Exercise inputs below:

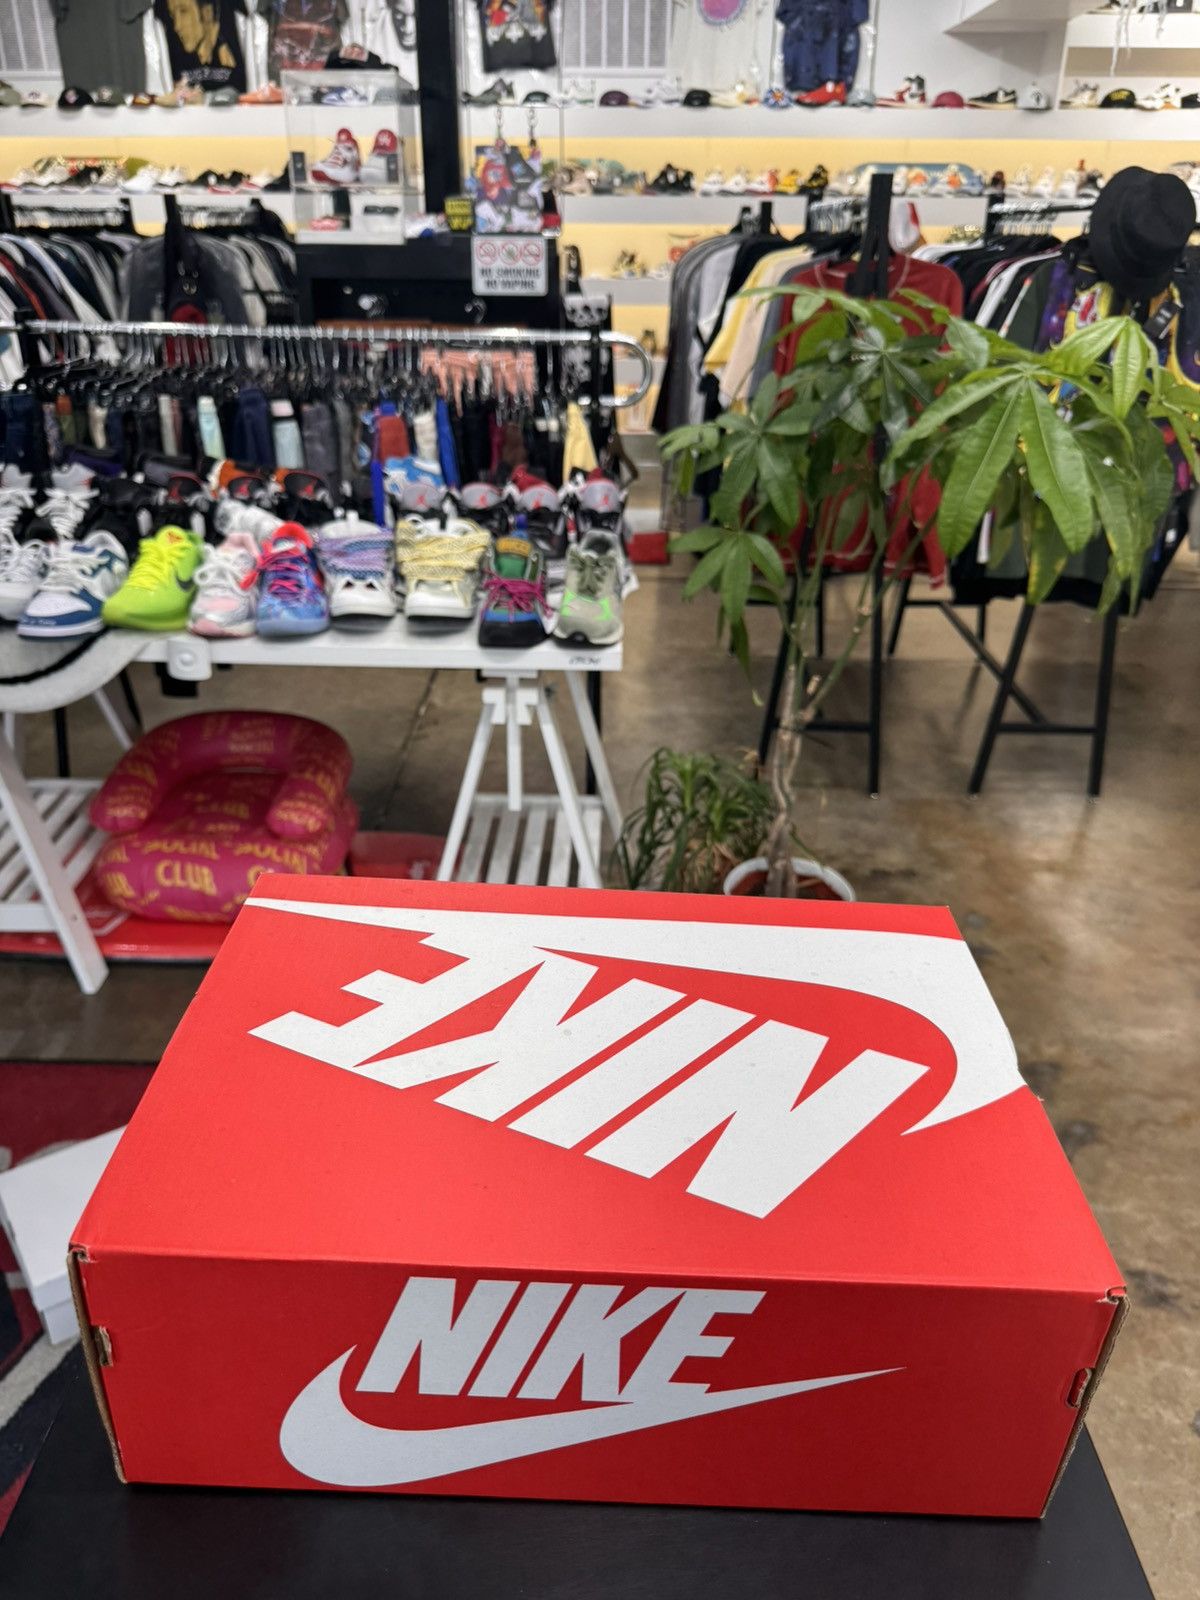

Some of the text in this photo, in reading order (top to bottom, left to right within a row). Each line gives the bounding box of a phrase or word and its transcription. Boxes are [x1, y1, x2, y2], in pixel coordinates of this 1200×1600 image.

[155, 859, 217, 896] CLUB
[247, 931, 930, 1219] NIKE
[355, 1275, 767, 1404] NIKE
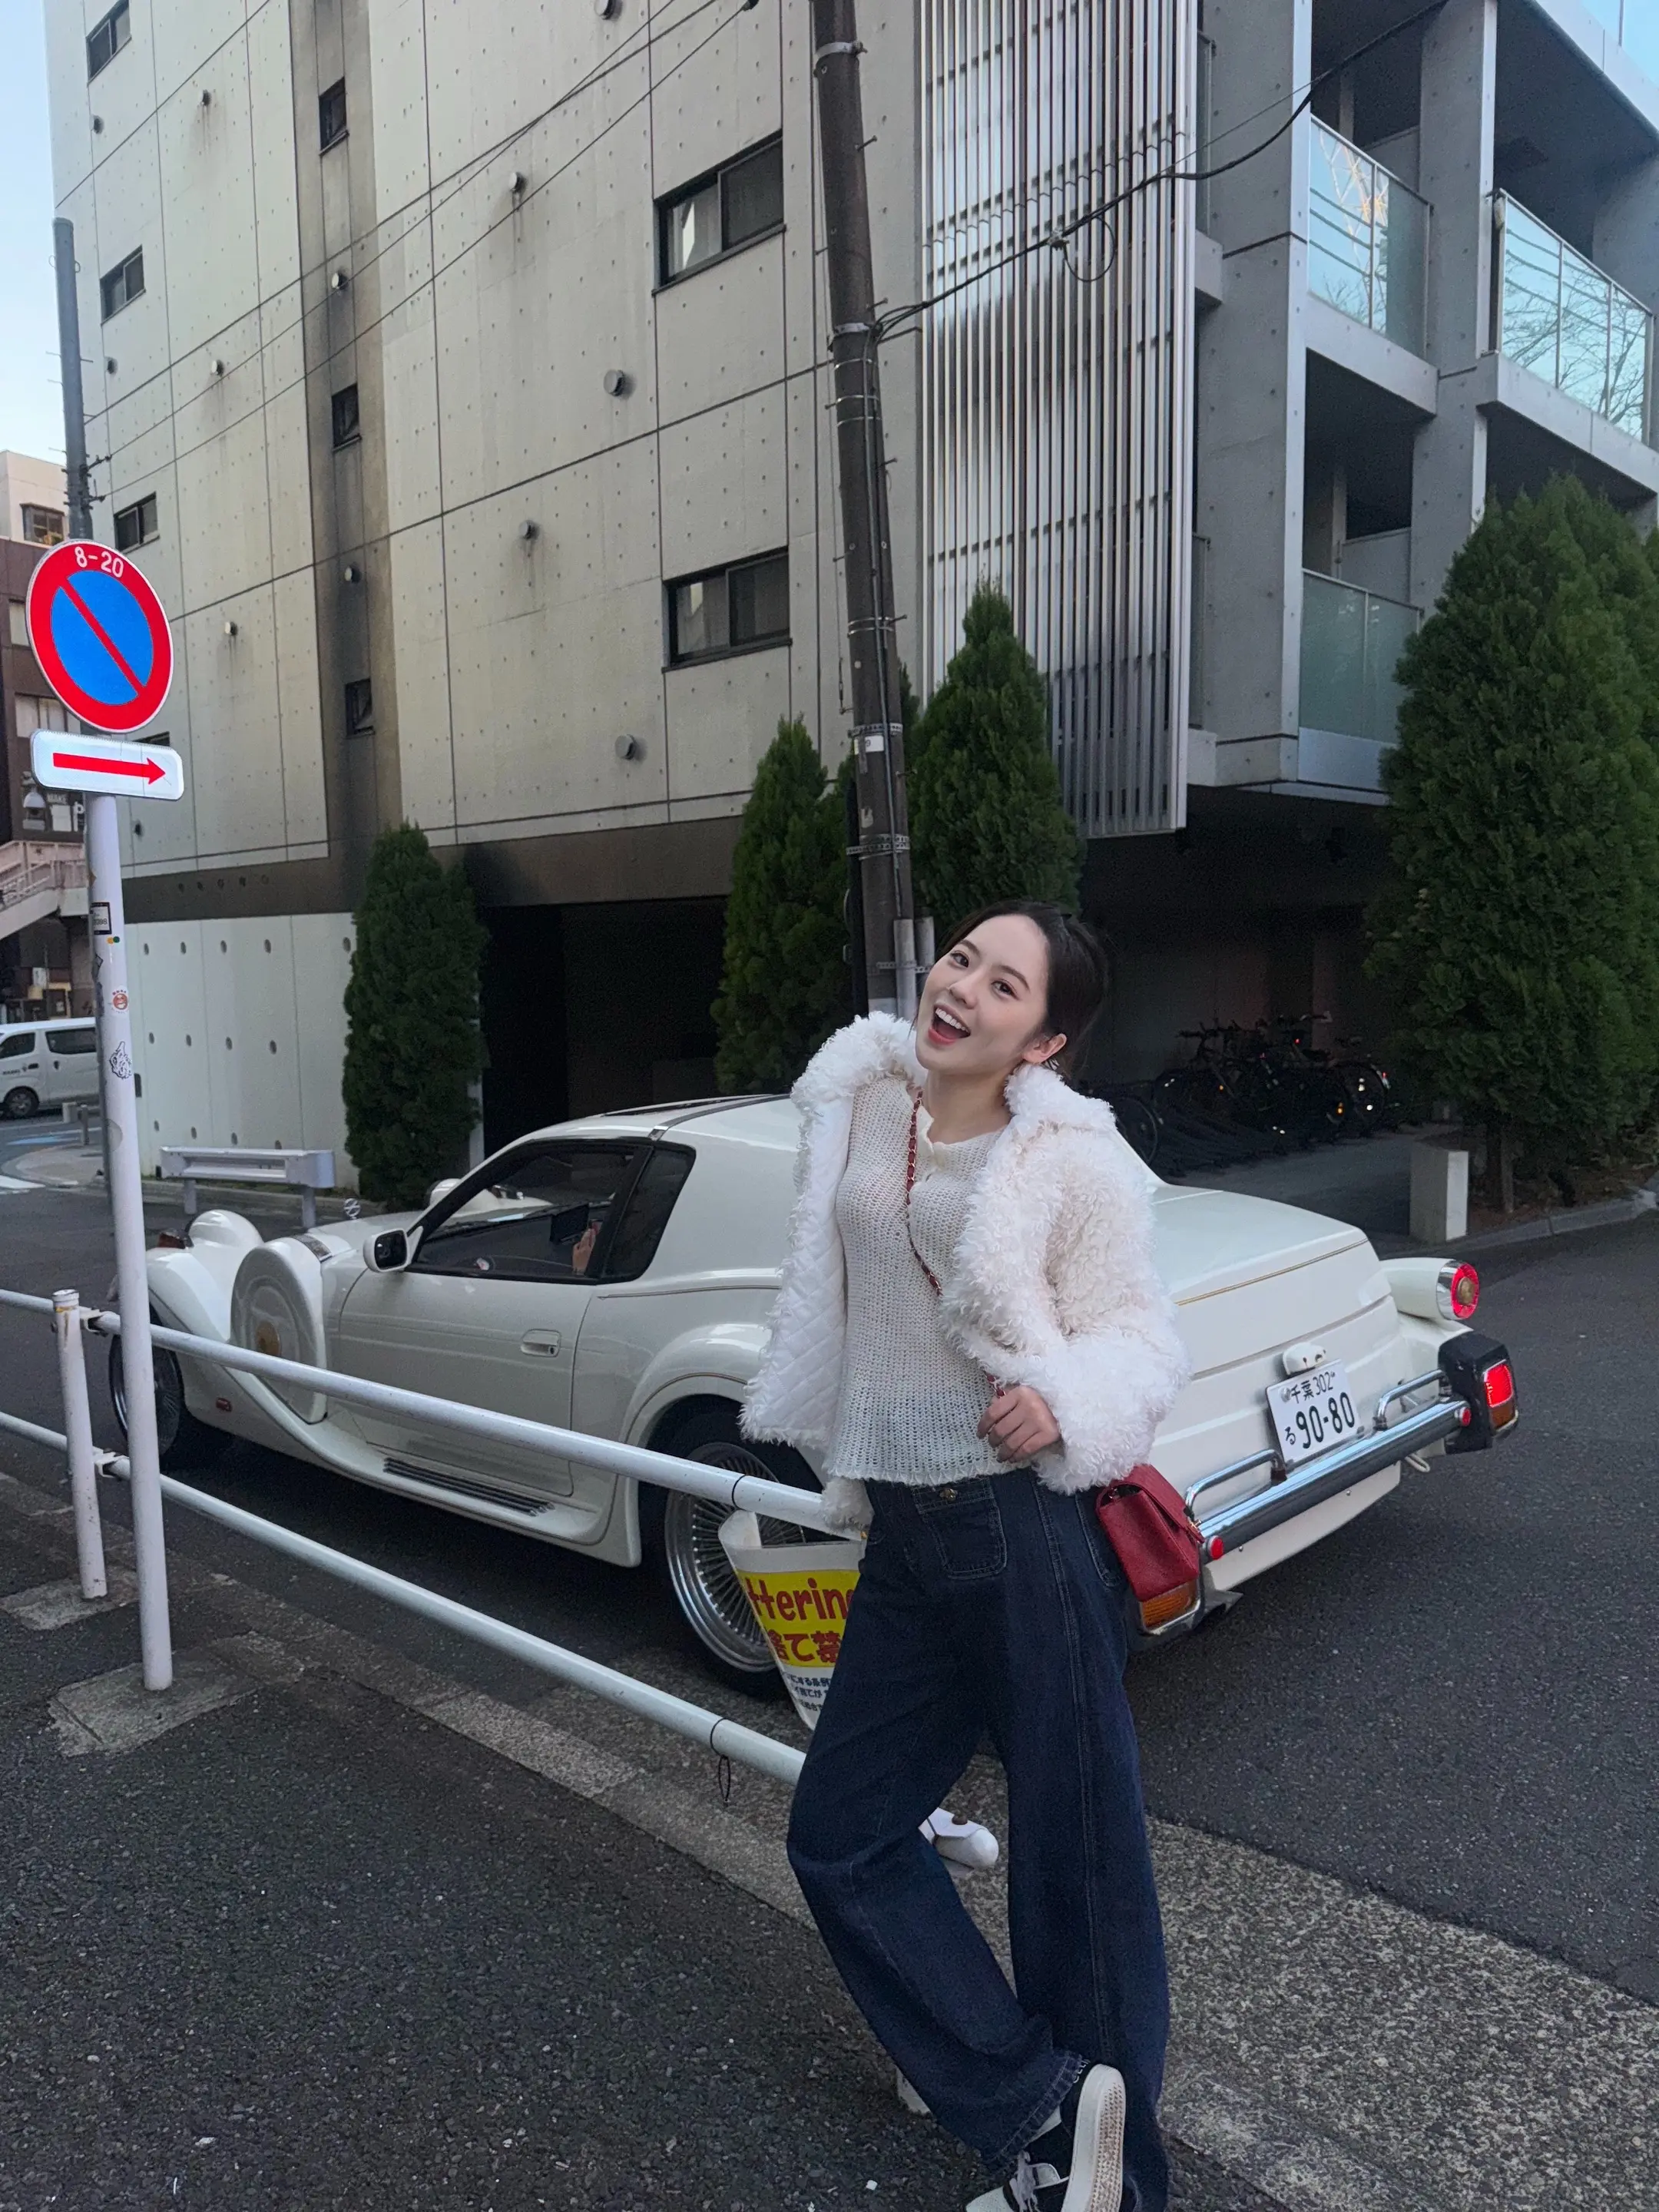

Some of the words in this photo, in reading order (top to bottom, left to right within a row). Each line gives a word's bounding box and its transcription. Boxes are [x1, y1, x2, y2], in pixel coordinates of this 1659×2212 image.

[75, 546, 124, 578] 8-20
[1290, 1380, 1314, 1404] 千葉
[1313, 1371, 1333, 1396] 302
[1284, 1426, 1296, 1445] る
[1296, 1392, 1355, 1449] 90-80
[745, 1578, 854, 1621] tterin
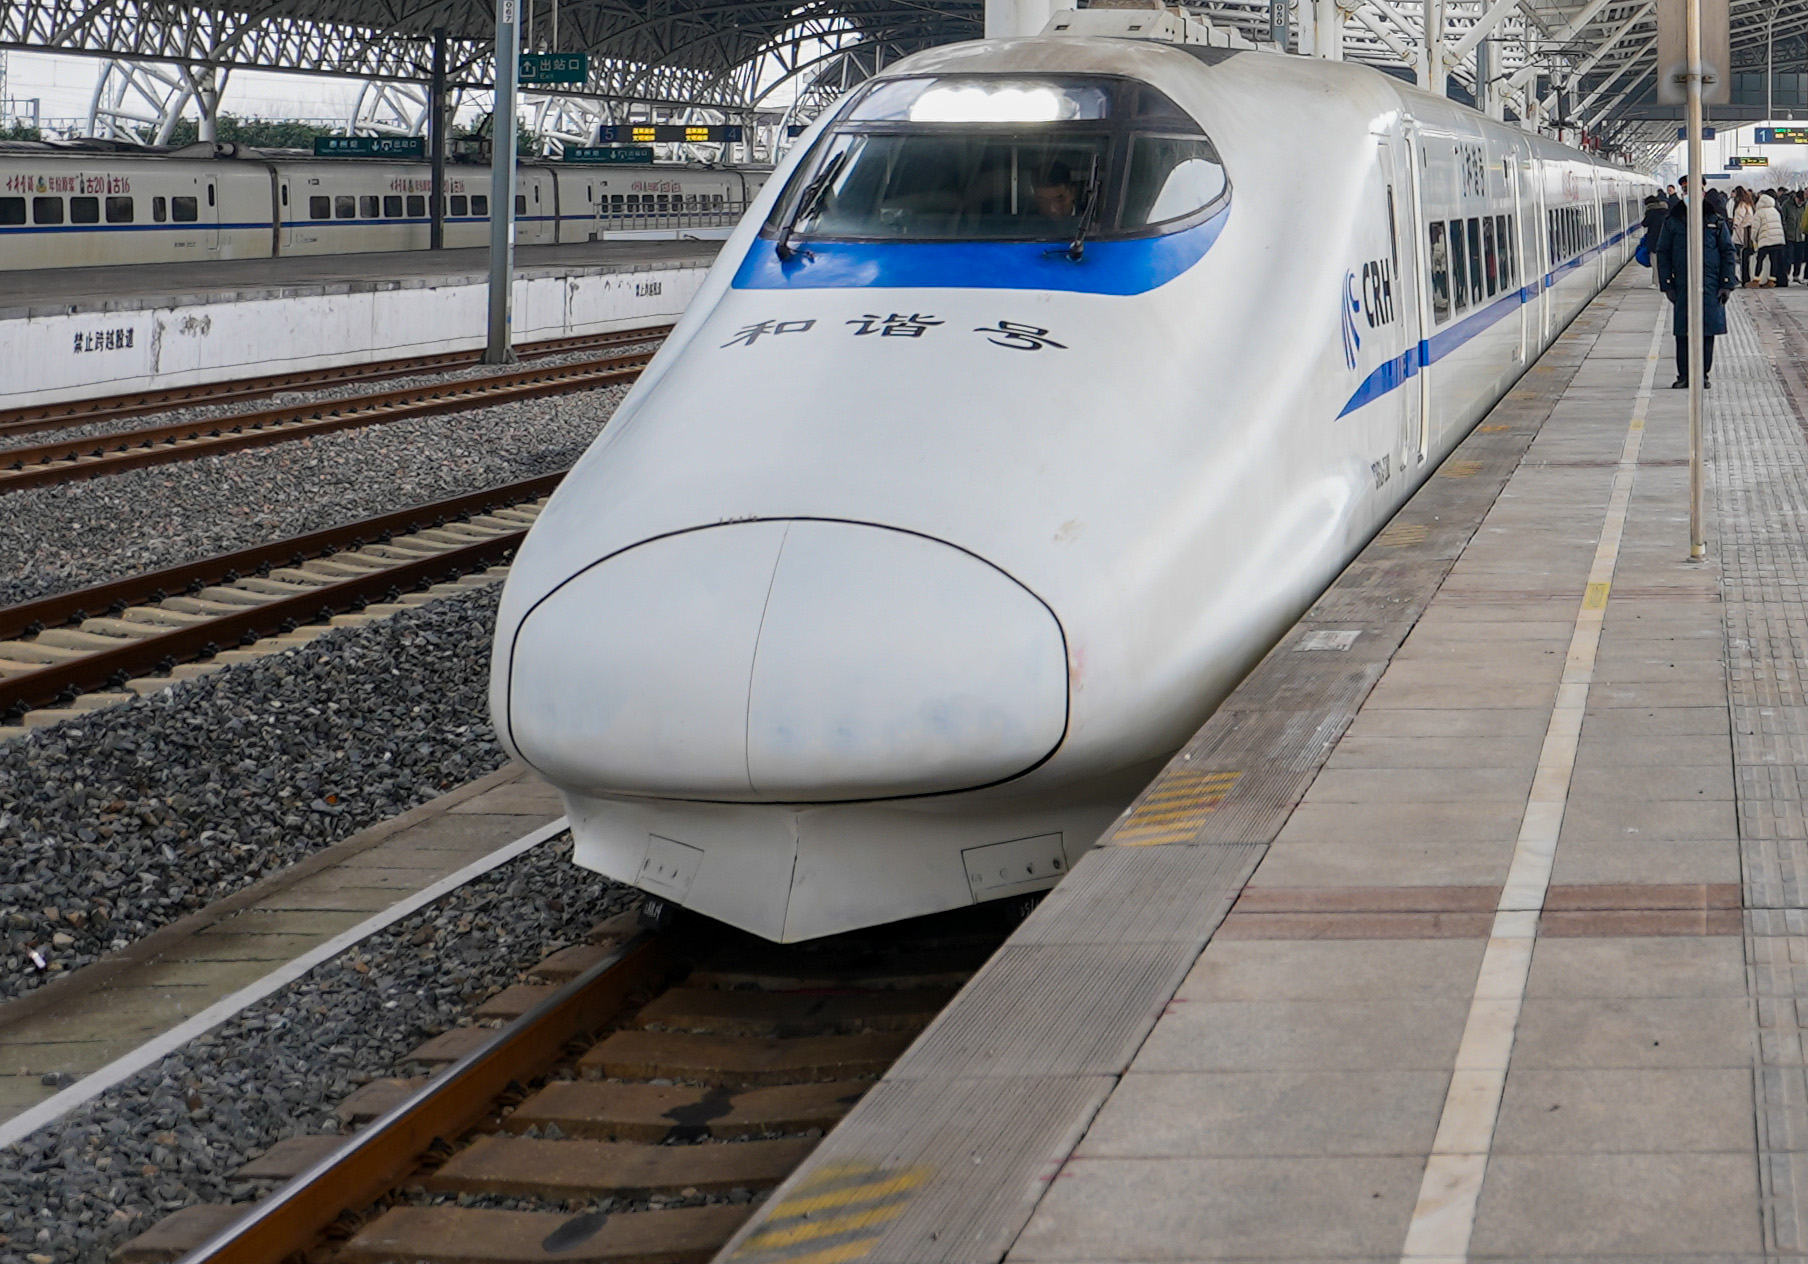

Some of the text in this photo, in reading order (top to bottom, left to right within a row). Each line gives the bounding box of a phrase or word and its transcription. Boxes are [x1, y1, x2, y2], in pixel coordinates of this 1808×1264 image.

[540, 58, 580, 71] 出站口
[605, 127, 614, 140] 5
[728, 127, 737, 140] 4
[1759, 129, 1766, 142] 1
[1362, 257, 1395, 329] CRH
[719, 312, 1069, 352] 和谐号
[73, 327, 134, 354] 禁止跨越股道
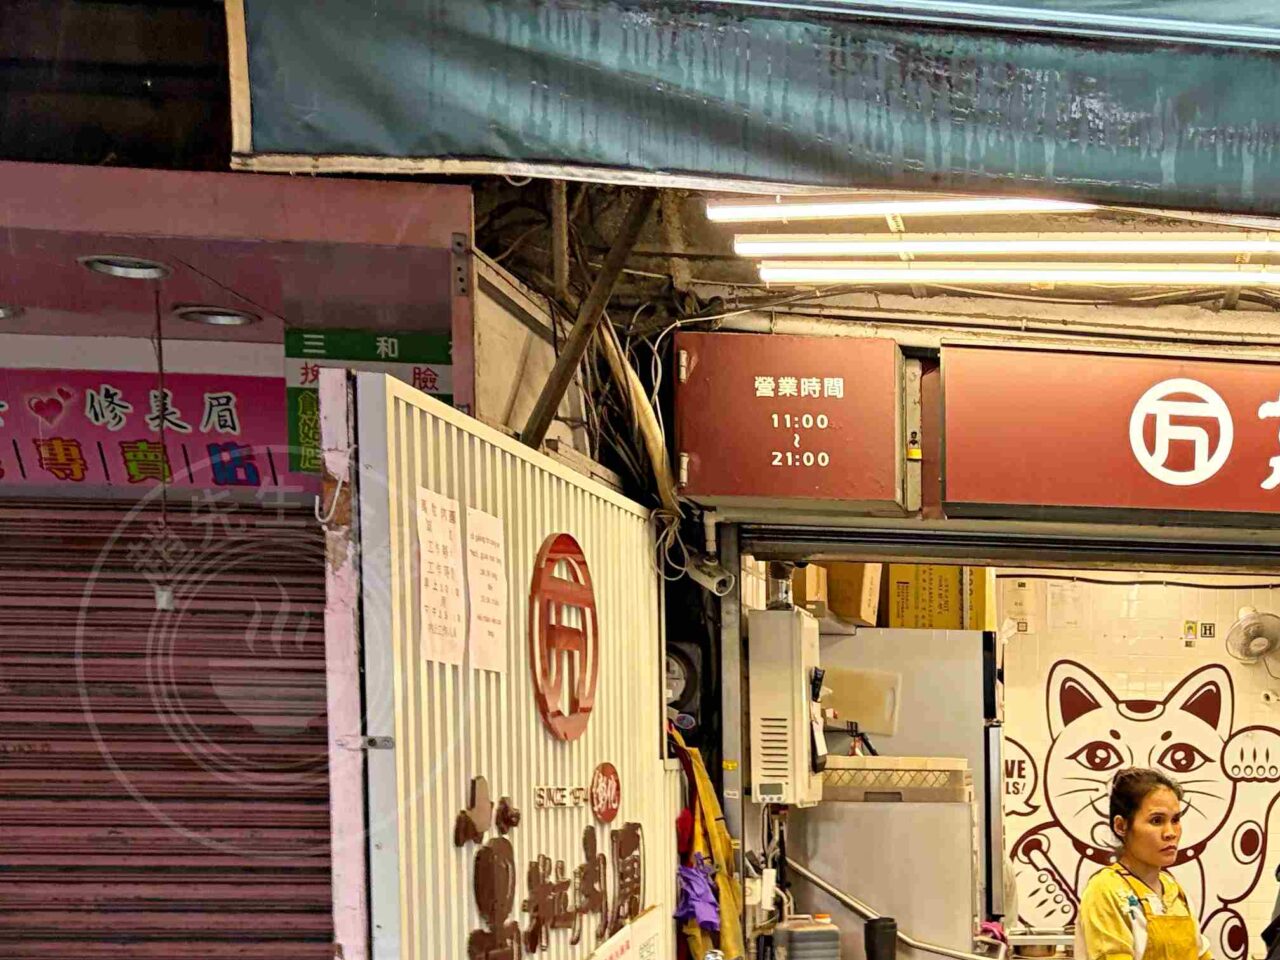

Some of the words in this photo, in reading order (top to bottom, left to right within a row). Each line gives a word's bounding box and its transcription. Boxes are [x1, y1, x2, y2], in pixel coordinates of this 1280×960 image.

[754, 376, 844, 398] 營業時間
[771, 413, 829, 429] 11:00
[771, 451, 830, 467] 21:00

End of Exercise inputs.

Aim of the exercise: Could you repeat the entries word for word, skipping the pictures they contain?

Answer for the task:
Some of the text in this photo, in reading order (top to bottom, left to right within a row). Each line gives the bounding box of a phrase or word and its transcription. Boxes are [x1, y1, x2, y2], in pixel coordinates of this 1200×1600 image.

[155, 859, 217, 896] CLUB
[247, 931, 930, 1219] NIKE
[355, 1275, 767, 1404] NIKE

Some of the words in this photo, in reading order (top to bottom, left to right within a row). Each line gives a word's bounding box and its transcription. Boxes are [x1, y1, x2, y2], in pixel coordinates of this 1659×2212 image.

[75, 546, 124, 578] 8-20
[1290, 1380, 1314, 1404] 千葉
[1313, 1371, 1333, 1396] 302
[1284, 1426, 1296, 1445] る
[1296, 1392, 1355, 1449] 90-80
[745, 1578, 854, 1621] tterin

Some of the text in this photo, in reading order (top to bottom, left to right within a row). Each line gives the bounding box of a phrase or word and its transcription. Boxes are [x1, y1, x2, y2], in pixel coordinates of this 1808×1264 image.

[540, 58, 580, 71] 出站口
[605, 127, 614, 140] 5
[728, 127, 737, 140] 4
[1759, 129, 1766, 142] 1
[1362, 257, 1395, 329] CRH
[719, 312, 1069, 352] 和谐号
[73, 327, 134, 354] 禁止跨越股道

Some of the words in this photo, in reading order (top to bottom, left to right within a row). Each line gives a word's bounding box and its transcription. Boxes are [x1, y1, x2, y2], in pixel coordinates of this 1280×960 image.

[754, 376, 844, 398] 營業時間
[771, 413, 829, 429] 11:00
[771, 451, 830, 467] 21:00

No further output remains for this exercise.